Segment Open

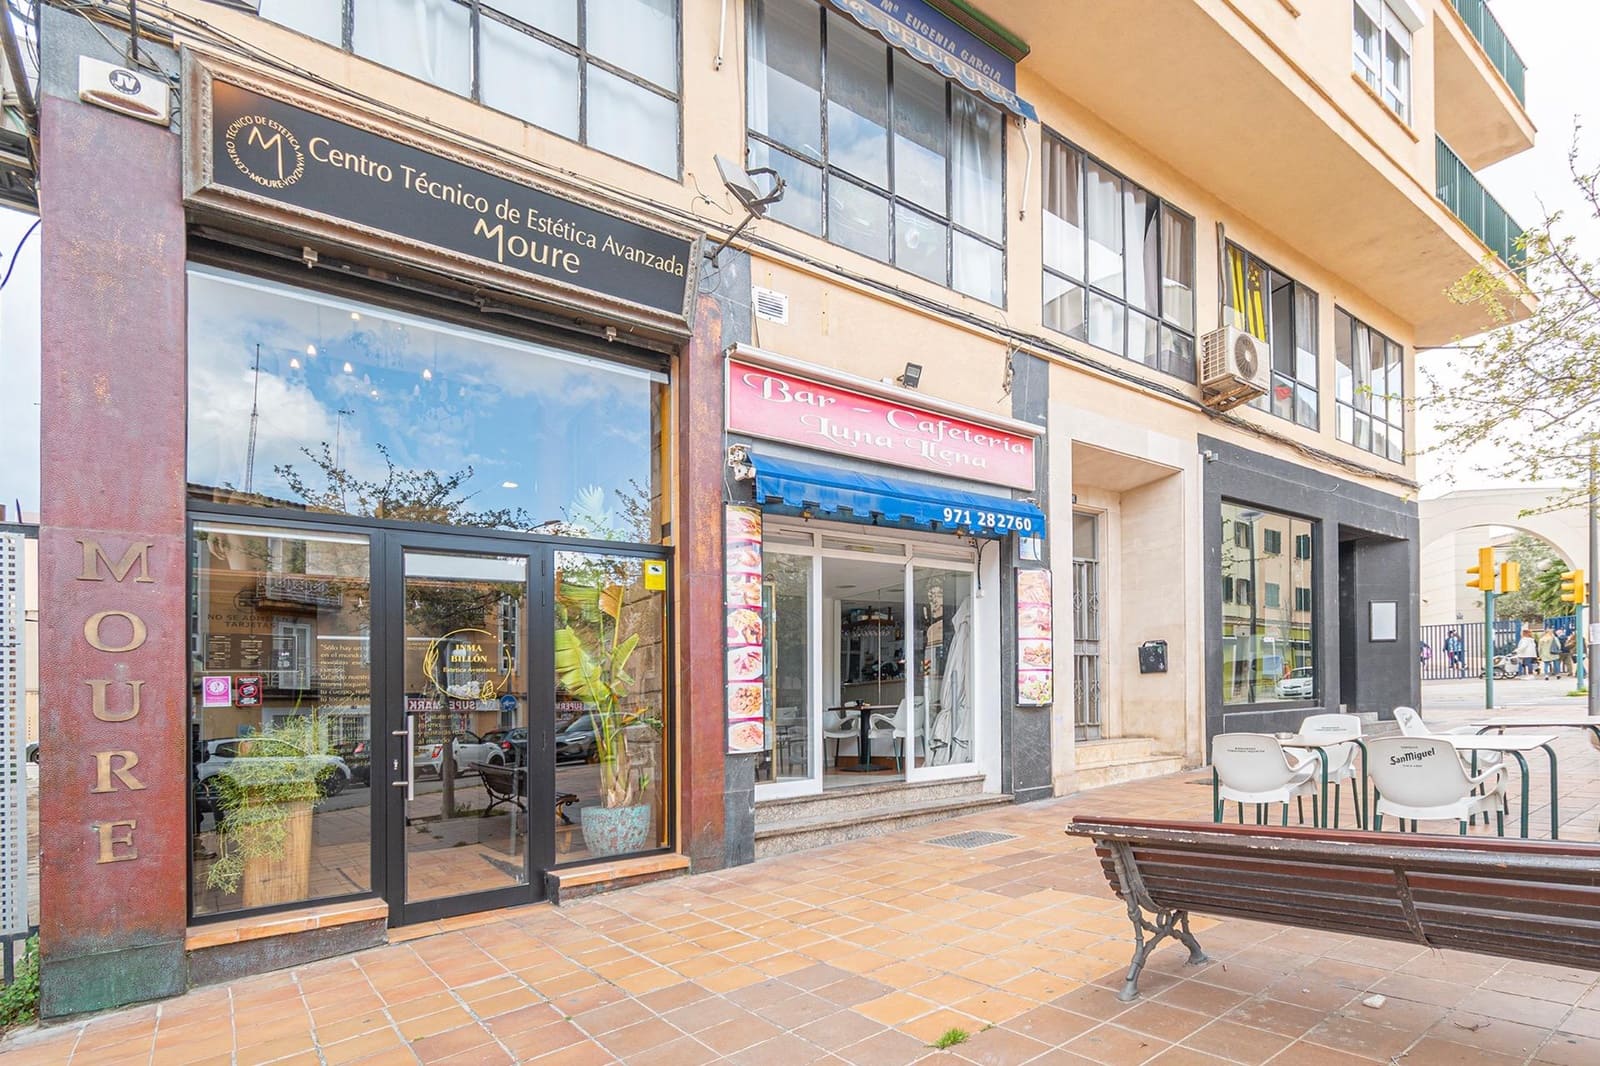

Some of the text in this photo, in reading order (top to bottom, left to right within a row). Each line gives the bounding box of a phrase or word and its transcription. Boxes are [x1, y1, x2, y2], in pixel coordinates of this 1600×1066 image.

[886, 18, 1021, 109] PELUQUERIA
[905, 12, 957, 53] EUGENIA
[960, 48, 1002, 82] GARCIA
[225, 141, 249, 174] CENTRO
[254, 115, 268, 126] DE
[308, 136, 685, 278] Centro Técnico de Estética Avanzada
[473, 217, 581, 275] Moure
[743, 372, 836, 408] Bar
[800, 413, 987, 469] Luna Llena
[943, 507, 1032, 532] 971 282760
[451, 653, 488, 662] BILLÓN
[455, 644, 482, 652] INMA
[75, 538, 156, 866] MOURE

Segment Closed

What you will do: Your reply is the full set of entries reproduced exactly, with images omitted.

Reply:
Some of the text in this photo, in reading order (top to bottom, left to right within a row). Each line gives the bounding box of a phrase or word and its transcription. Boxes are [x1, y1, x2, y2], in pixel coordinates of this 1600×1066 image.

[886, 18, 1021, 109] PELUQUERIA
[905, 12, 957, 53] EUGENIA
[960, 48, 1002, 82] GARCIA
[225, 141, 249, 174] CENTRO
[254, 115, 268, 126] DE
[308, 136, 685, 278] Centro Técnico de Estética Avanzada
[473, 217, 581, 275] Moure
[743, 372, 836, 408] Bar
[800, 413, 987, 469] Luna Llena
[943, 507, 1032, 532] 971 282760
[451, 653, 488, 662] BILLÓN
[455, 644, 482, 652] INMA
[75, 538, 156, 866] MOURE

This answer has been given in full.